Human betaherpesvirus 7
Human betaherpesvirus 7 | |
---|---|
Specialty | Infectious disease |
Human betaherpesvirus 7 | |
---|---|
Virus classification | |
(unranked): | Virus |
Realm: | Duplodnaviria |
Kingdom: | Heunggongvirae |
Phylum: | Peploviricota |
Class: | Herviviricetes |
Order: | Herpesvirales |
Family: | Orthoherpesviridae |
Genus: | Roseolovirus |
Species: | Human betaherpesvirus 7
|
Synonyms[1] | |
|
Human betaherpesvirus 7 (HHV-7) is one of nine known members of the Herpesviridae family that infects humans. HHV-7 is a member of Betaherpesvirinae, a subfamily of the Herpesviridae that also includes HHV-6 and Cytomegalovirus (HHV-5 or HCMV).[2][3] HHV-7 often acts together with HHV-6, and the viruses together are sometimes referred to by their genus, Roseolovirus.[4] HHV-7 was first isolated in 1990 from CD4+ T cells taken from peripheral blood lymphocytes.[5]
Signs and symptoms
[edit]Both HHV-6B and HHV-7, as well as other viruses, can cause a skin condition in infants known as exanthema subitum, although HHV-7 causes the disease less frequently than HHV-6B.[6] HHV-7 infection also leads to or is associated with a number of other symptoms, including acute febrile respiratory disease, fever, rash, vomiting, diarrhea, low lymphocyte counts,[7] and febrile seizures,[8] though most often no symptoms present at all.[9]
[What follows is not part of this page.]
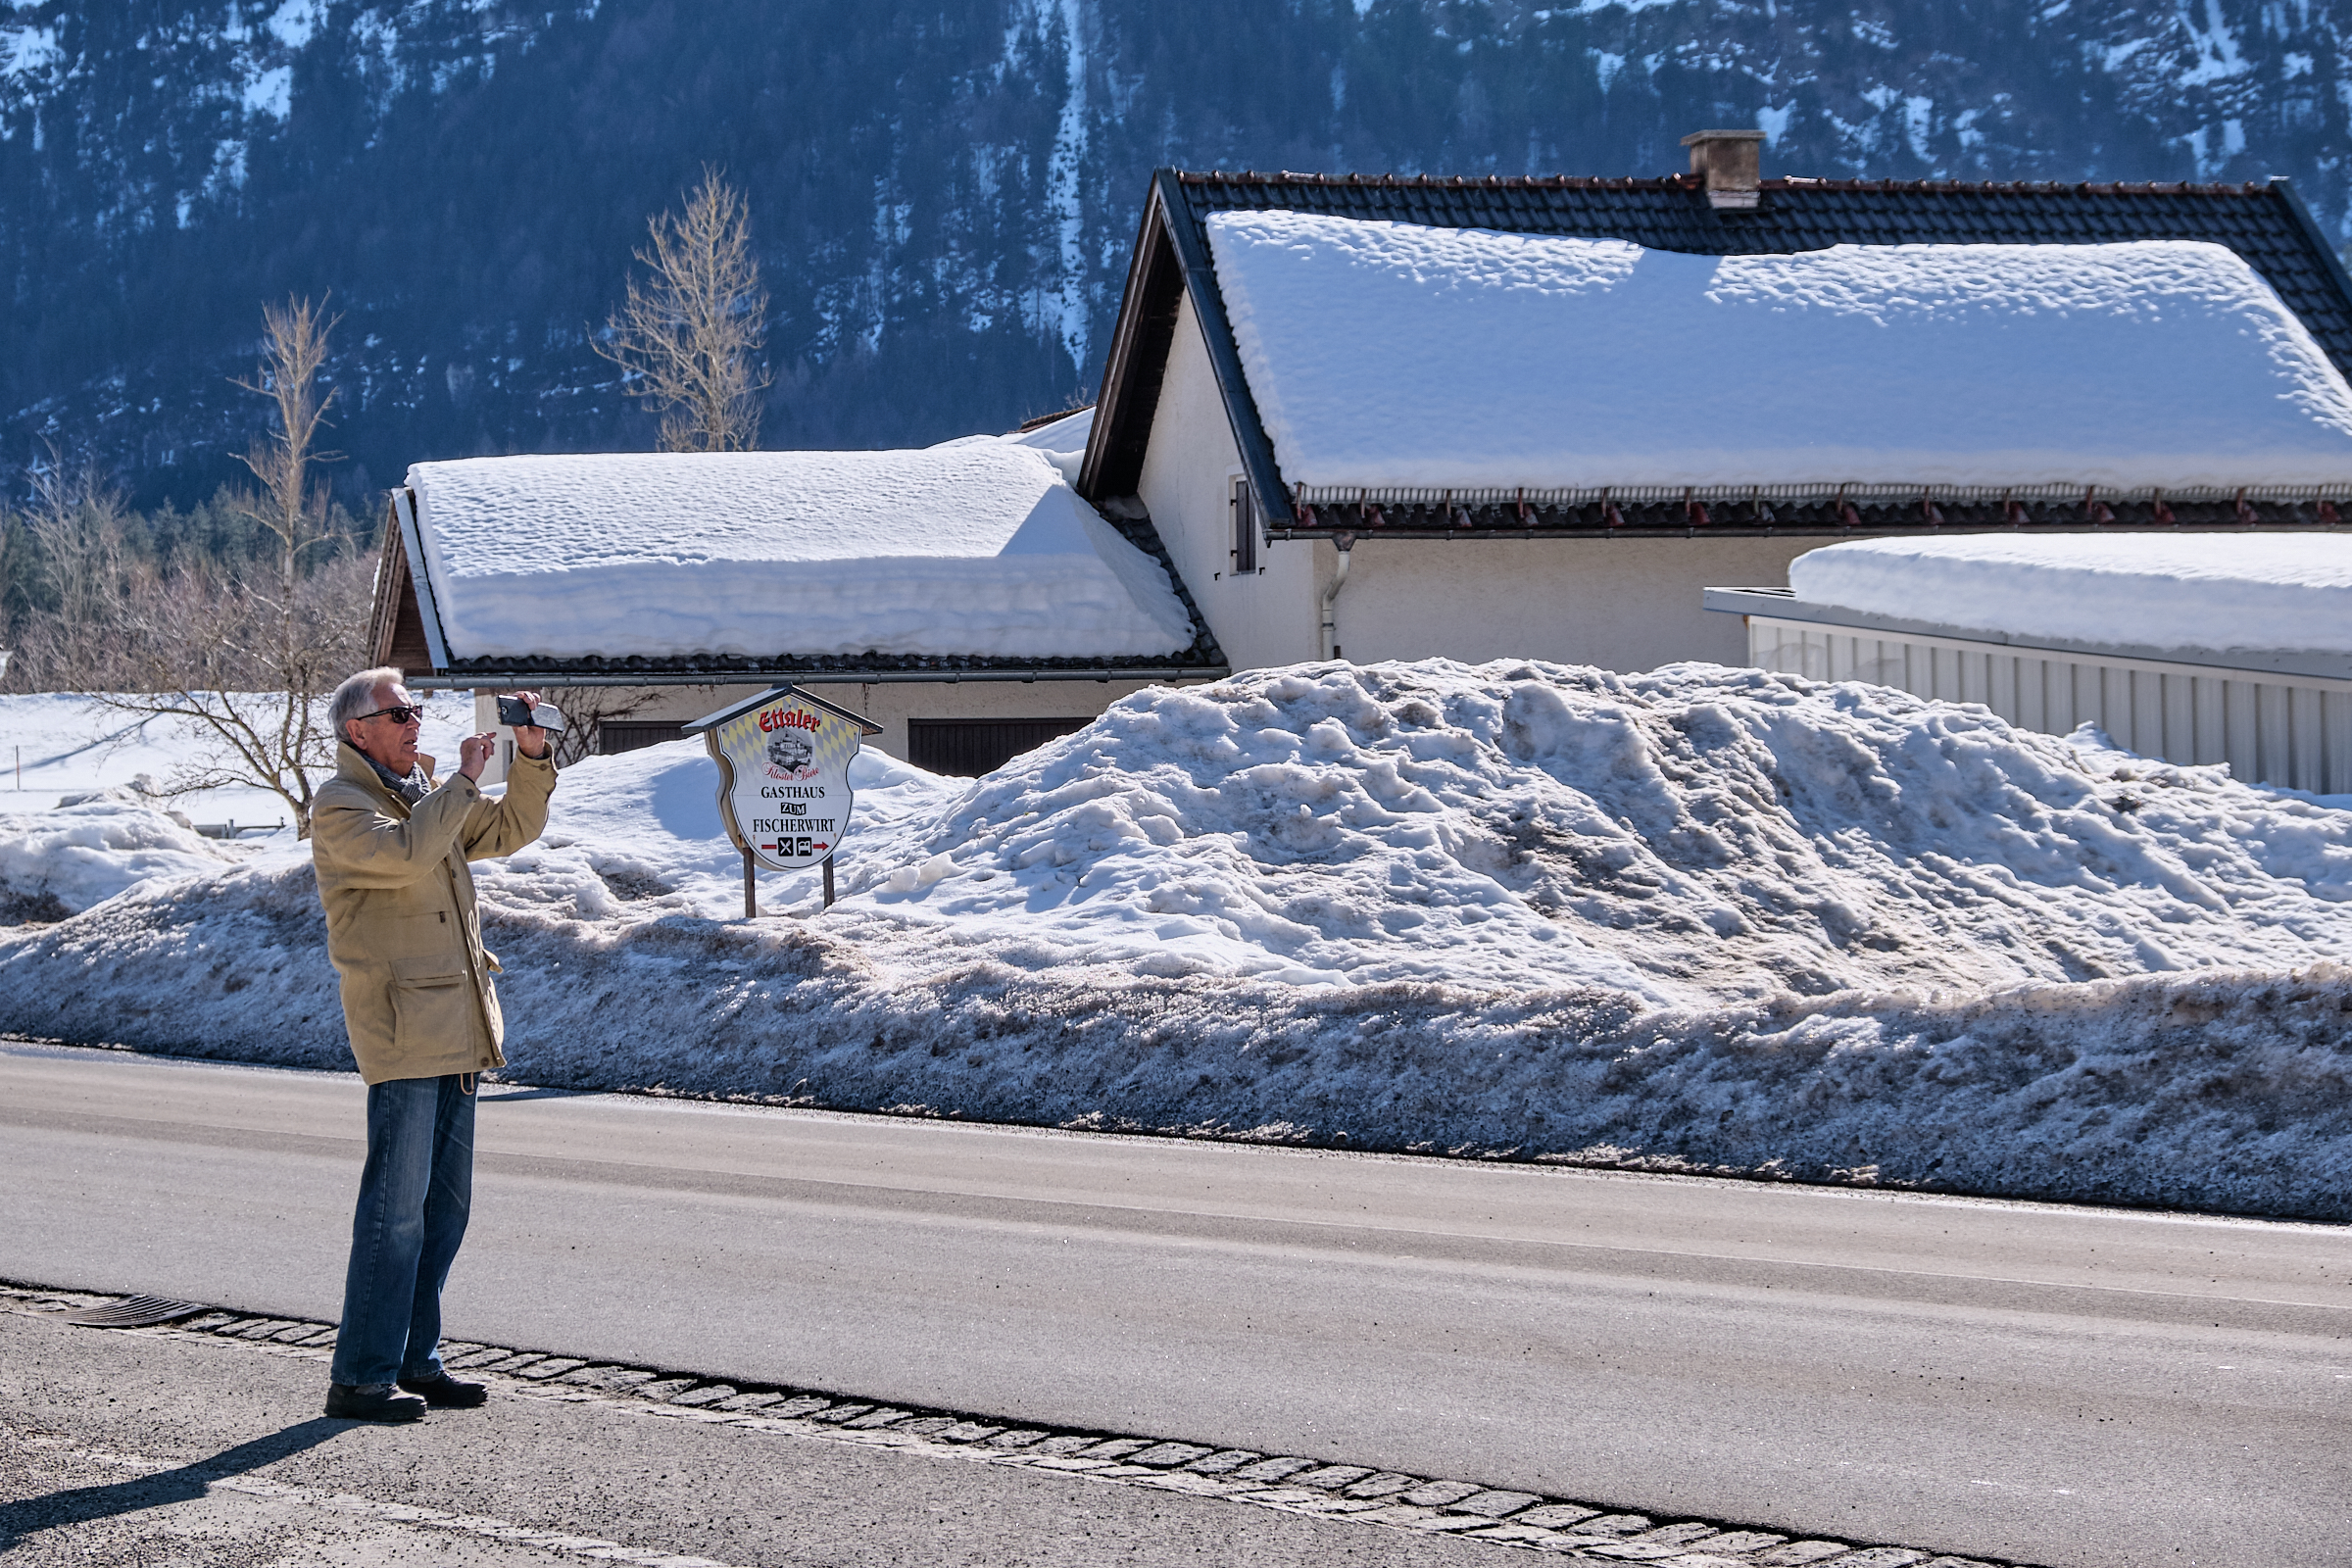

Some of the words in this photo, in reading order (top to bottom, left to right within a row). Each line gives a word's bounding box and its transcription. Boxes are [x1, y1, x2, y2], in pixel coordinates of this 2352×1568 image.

There are indications that HHV-7 can contribute to the development of drug-induced hypersensitivity syndrome (DIHS),[10] encephalopathy,[11] hemiconvulsion-hemiplegia-epilepsy syndrome,[12] hepatitis infection,[13] postinfectious myeloradiculoneuropathy,[14] pityriasis rosea,[15] and the reactivation of HHV-4, leading to "mononucleosis-like illness".[16] Drug reaction with eosinophilia and systemic symptoms (DRESS) is a specific type of DIHS that may be linked to HHV-7 as the condition may develop in response to herpesvirus antigens. In one study, 76% of the 40 examined patients with DRESS exhibited some reactivation of Epstein-Barr virus, HHV-6, or HHV-7. Additionally, HHV-7 is currently suspected as a causative agent of lichen planus. In one dermatologic study, 33 skin biopsies were performed and HHV-7 was found at higher rates in lichen planus lesions. Remission of lichen planus was also associated with lower levels of HHV-7.[17] HHV-7 was also detected in 79.3% of cervical tissue examined, indicating that sexual contact may be a route of transmission for HHV-7.[18]
Notably, HHV-7 and HHV-6 were detected in 56.3% of unspecified encephalopathy cases examined, with more HHV-7 positive cells in the gray matter of the frontal and temporal lobes HHV-7 is typically present in astrocytes and oligodendrocytes in the cerebral cortex, deep nuclei, and cerebellum.[19] HHV-7 infection, along with HSV1, VZV, and HHV6, was associated with increased risk of dementia.[20] However, further research is needed further elucidate the causative and correlative factors between HHV-7 and encephalopathy.[19]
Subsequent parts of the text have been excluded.